Disinterest. It's a powerful tool. I don't have to stigmatize it nor do I have to research it and use politically correct speech. I simply have no interest in what other people do or what is being exchanged between them, without Force or Fraud. If I'm in the business of re-sculpting incorrect - but broad based - opinions, I will start with our insane fiscal, economic, and monetary policies. I have a lot more interest in the disease of socialism than a john or prostitute giving/getting an STD, or the feelings of a "sex worker" in general.
But it stands that there are cultural paradigms and exchanging bodily fluids is a strong vector for disease. I would not want a loved one of mine involved in activities. The reality IS they will be judged by others whose interests are questionable but still whose judgement is their own right to have, and I wouldn't want my loved one(s) exposing themselves to disease any more than they have to.
Also, Noah: "Sex-Worker-American", please
Preferred Nomenclature aside...
As much as we'd love to create a new victim-class, this really isn't about 'strippers and phone-sex workers', is it?
I am all for Whore-Rights and decriminalization of prostitution. I do not think pussy-footing around with semantics is either interesting, informative, or does fuck-all other than to provide some kind of social-signaling that you're one of the "Good Guys" with politically-correct opinions.
the issue should be made plain: Decriminalize prostitution.
Why should that need to be complicated?
...which leads to another weird word-choice:
"...a survivor of prostitution"
I had no idea "prostitution" was a volcano-eruption that one 'survived'. Just a second ago i was being told it was 'sex-work': like, "A Job".
So which is it? a mere profession that needs to be legally recognized, or a social scourge that, like a disease, people are somehow 'victims' of, and 'survive'?
I had no idea "prostitution" was a volcano-eruption that one 'survived'. Just a second ago i was being told it was 'sex-work': like, "A Job".
Yeah, it's not that hard for a rational person to see that if "sex workers" are so "marginalized" or "oppressed" they can easily change that by not being a sex worker anymore. But we have become used to the idea that the biggest whiners about how oppressed they are are usually not particularly oppressed.
But we have become used to the idea that the biggest whiners about how oppressed they are are usually not particularly oppressed.
But you just said above you WANT prostitutes to be stigmatized which is a form of oppression.
So, is prostitution not stigmatized enough? Or, are you comfortable with its current level of stigmatization?
"So, is prostitution not stigmatized enough? Or, are you comfortable with its current level of stigmatization?"

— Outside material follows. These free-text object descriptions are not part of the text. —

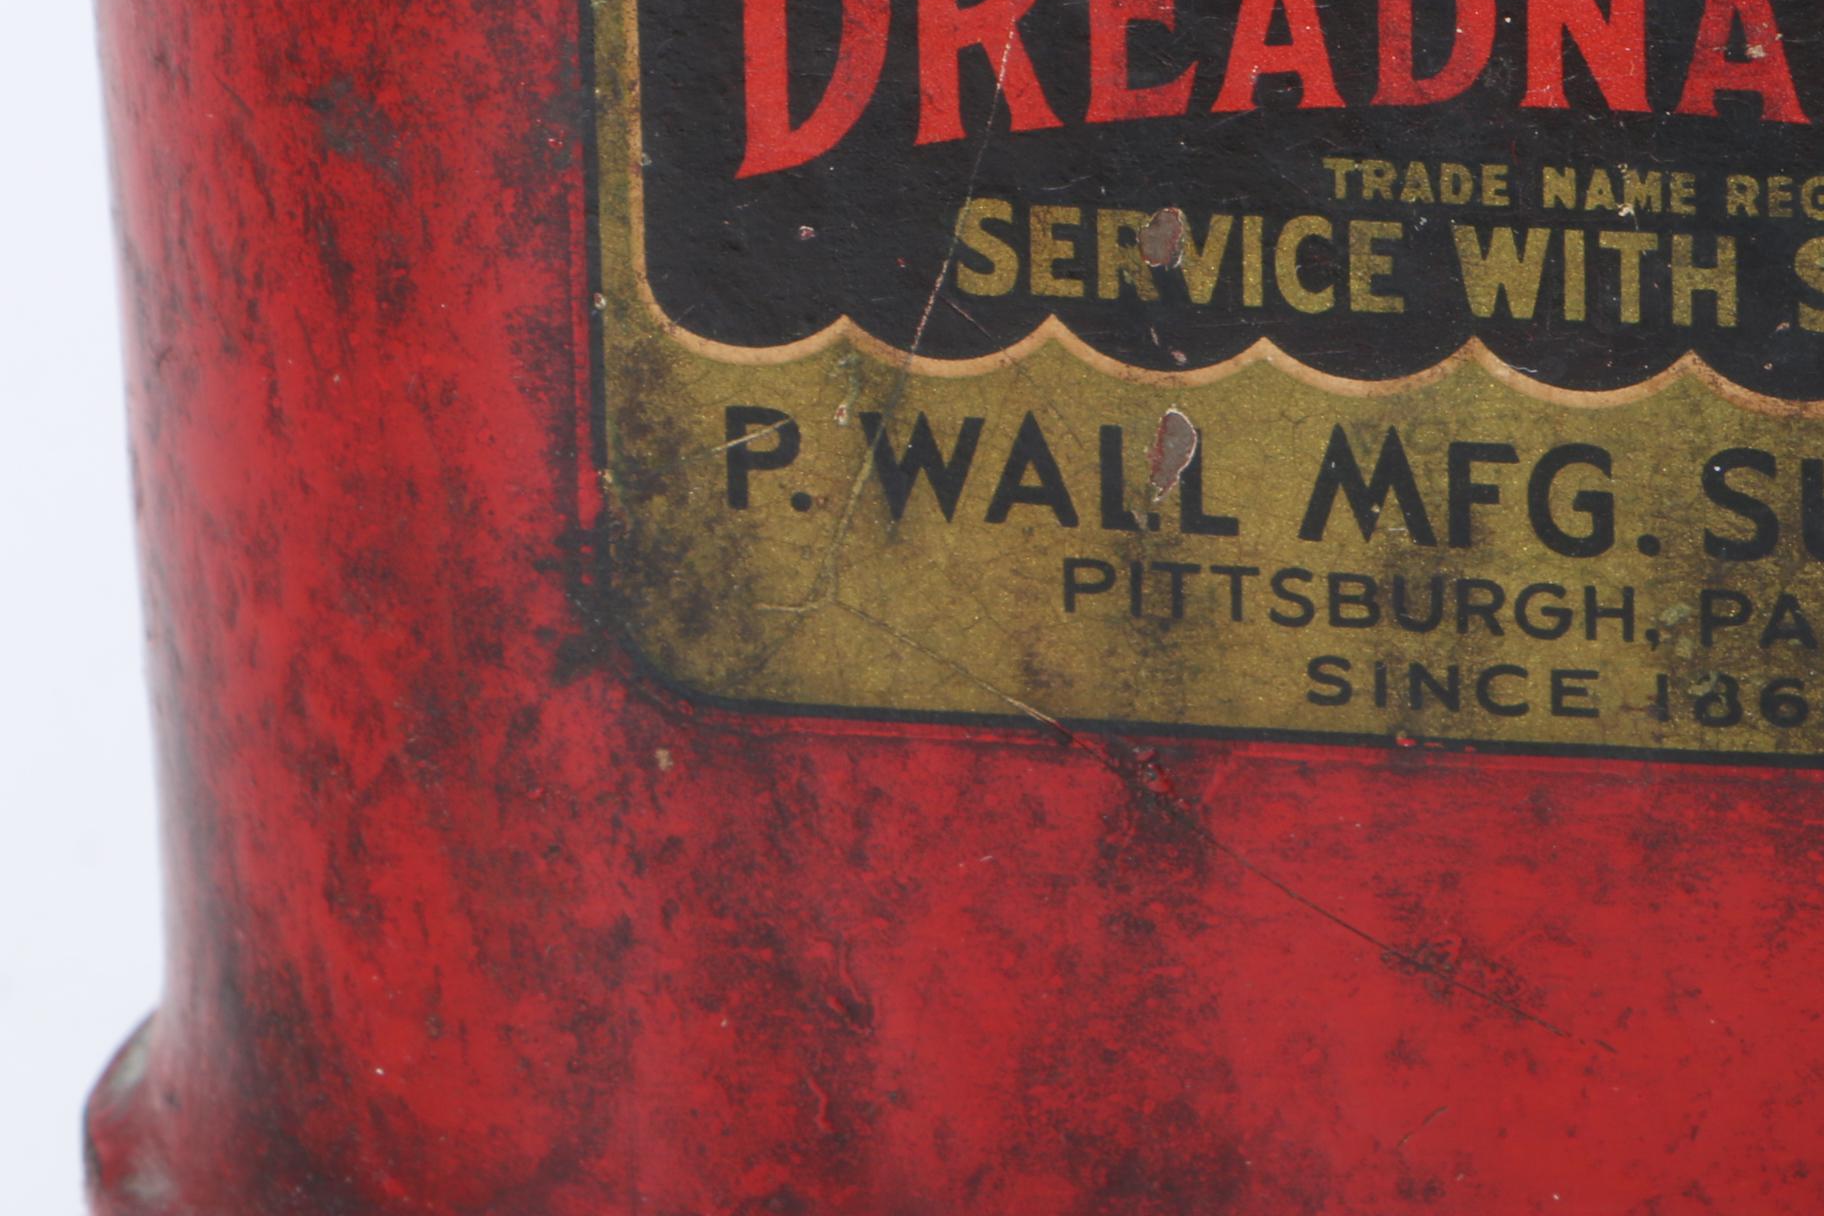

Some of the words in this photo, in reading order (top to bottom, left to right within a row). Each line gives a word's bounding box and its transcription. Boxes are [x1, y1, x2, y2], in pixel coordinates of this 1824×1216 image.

[1322, 157, 1510, 207] TRADE
[1543, 166, 1696, 216] NAME
[955, 197, 1405, 315] SERVICE
[1451, 224, 1739, 328] WITH
[724, 404, 814, 513] P.
[859, 410, 1240, 538] WALL
[1298, 424, 1662, 558] MFG.
[1064, 557, 1660, 651] PITTSBURGH,
[1307, 654, 1600, 720] SINCE
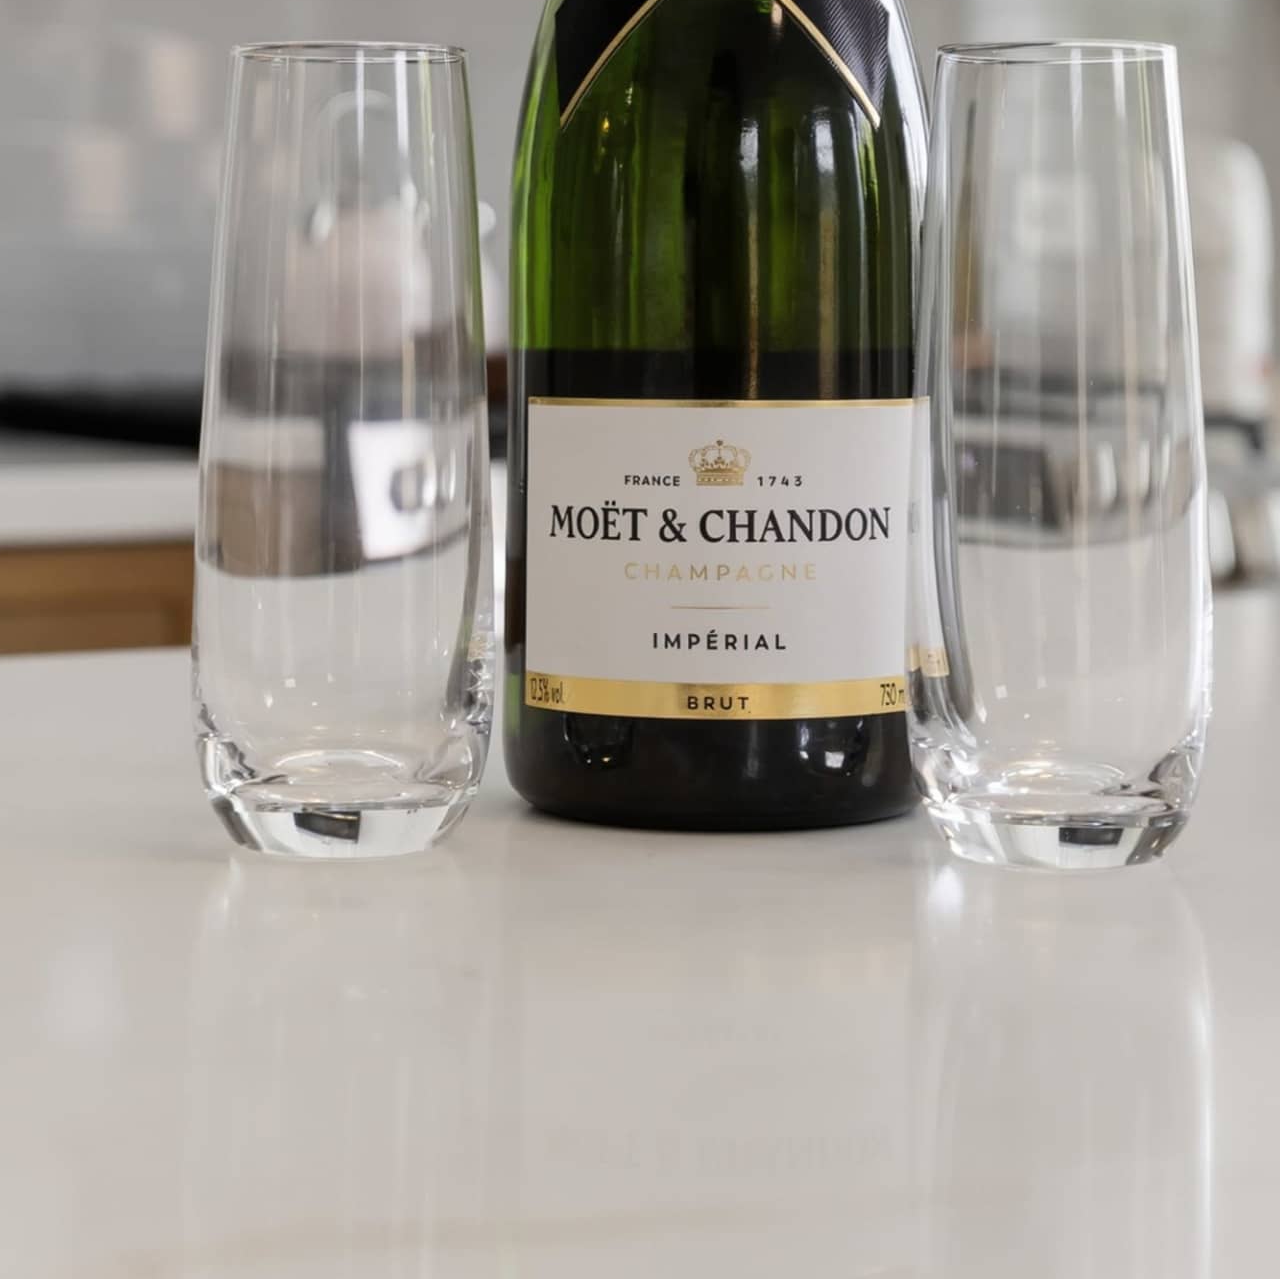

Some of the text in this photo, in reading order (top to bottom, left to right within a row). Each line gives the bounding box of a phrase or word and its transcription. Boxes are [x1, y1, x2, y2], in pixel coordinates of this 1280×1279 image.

[623, 474, 803, 488] FRANCE 1743
[549, 500, 891, 544] MOËT & CHANDON
[623, 561, 818, 582] CHAMPAGNE
[652, 628, 787, 652] IMPÉRIAL
[686, 695, 749, 711] BRUT
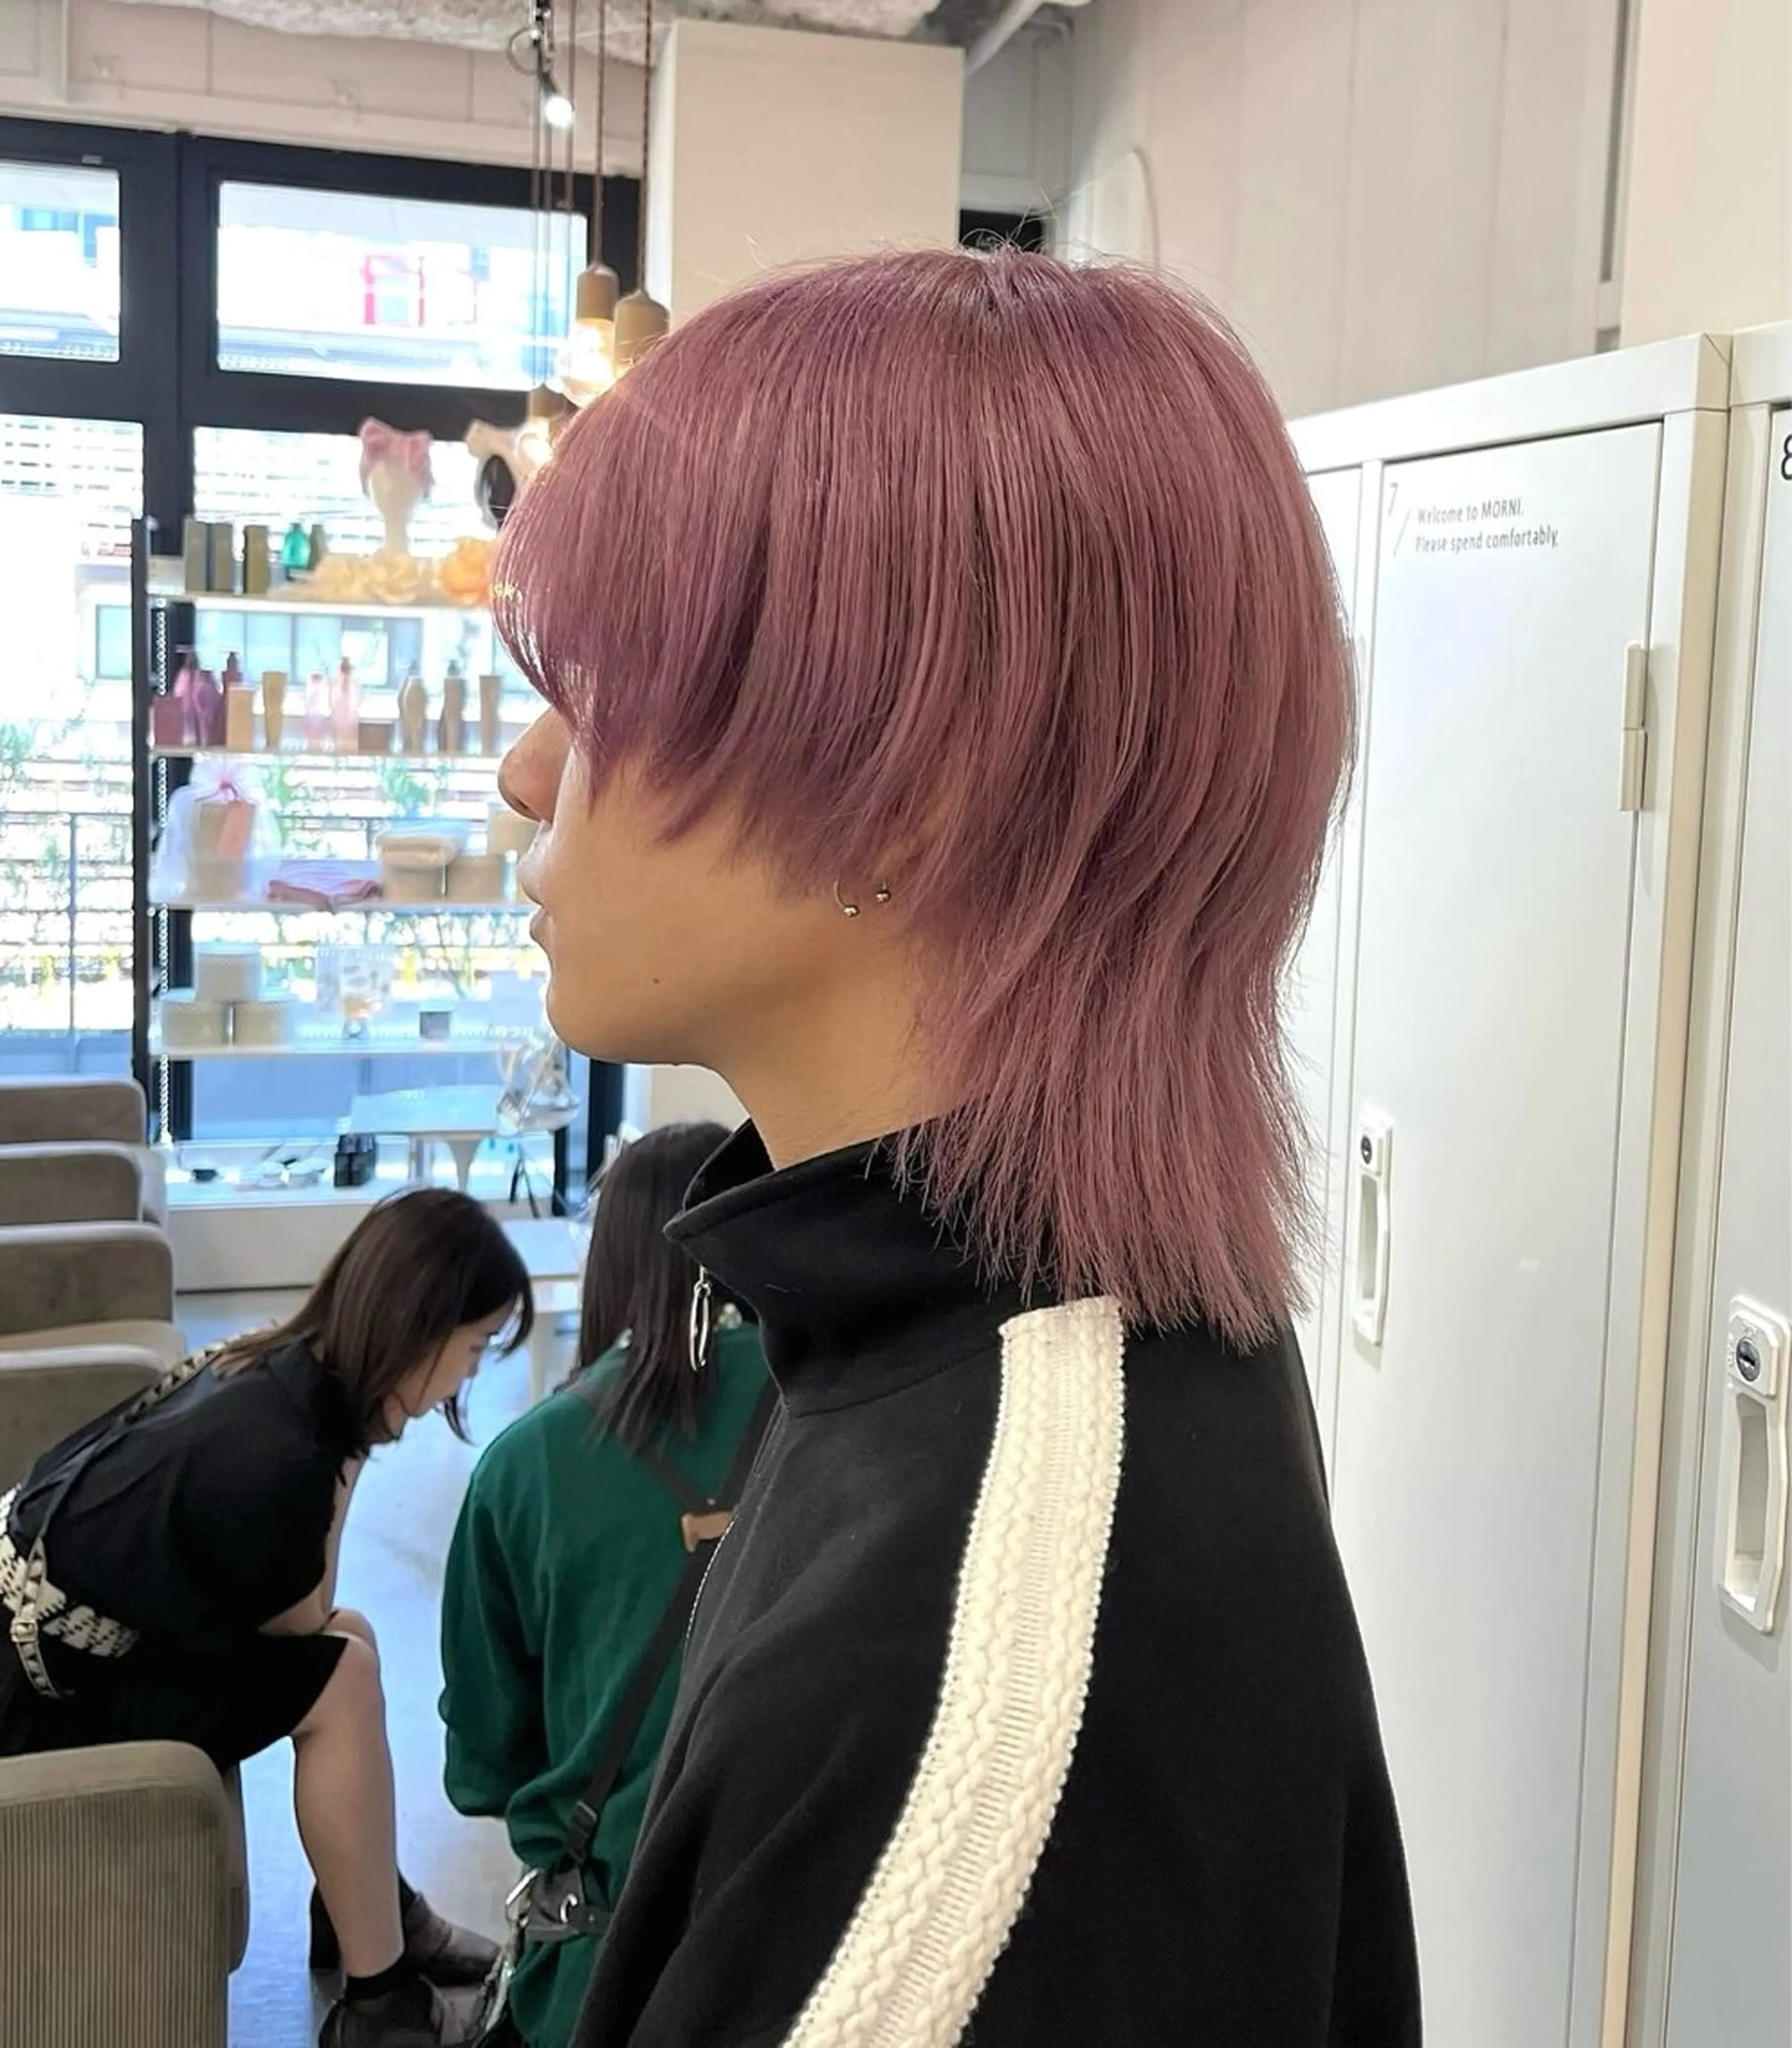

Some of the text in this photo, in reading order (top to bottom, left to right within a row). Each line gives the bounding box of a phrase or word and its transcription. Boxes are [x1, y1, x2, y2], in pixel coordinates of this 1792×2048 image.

I know you are not responding to me, but I think the point i made is being lost
We want to call them "sex workers" because the goal is to help people understand that its just a 'job' and not a disease-like social-problem.
yet Noah calls the person, "a survivor of prostitution"
...as though the person were a 'victim' of some larger forces that conspired to exploit them.
Which is it? it seems like there's a bit of rhetorical "have your cake-and-eat-it-too-ism" going on here.
I understood your original point just fine, GILMORE- Ae missed it and I'm using it to advantage due to an earlier interaction above.
I call her a survivor of prostitution because that seems to be the way she prefers to be identified. She's an abolitionist. It's a little awkward, but again, I prefer to try to identify marginalized people as they'd like to be identified, even if that means there's some minor loss of consistency.
I'd again urge you to read more on these issues, if you're interested in them.
"Noah Berlatsky|10.5.14 @ 3:34PM|#
I call her a survivor of prostitution because that seems to be the way she prefers to be identified"
That's very nice of you.
By the way, I'd prefer you included the formal "Your Majesty" when responding to my comments directly.
That said = is the idea that if we all would just "read more", that the desire for logical consistency would naturally fall by the wayside?
Because if "sex work" is simply a 'profession people should be free to choose without stigma', and consequently be socially normalized...
...it becomes difficult to appreciate how people freely choosing that 'work' are then to be described as 'victims'
If you want to 'normalize' prostitution, then it needs to stop being described as a Social-Ill.
Sorry; I got you confused with another commenter. I don't think that reading always changes people's minds, but occasionally it can be helpful.
I think I agree with you for the most part. I wouldn't describe prostitution as a social ill, though I think individuals who work as sex workers can face exploitation and violence and trafficking (which is the case for people in other professions as well.)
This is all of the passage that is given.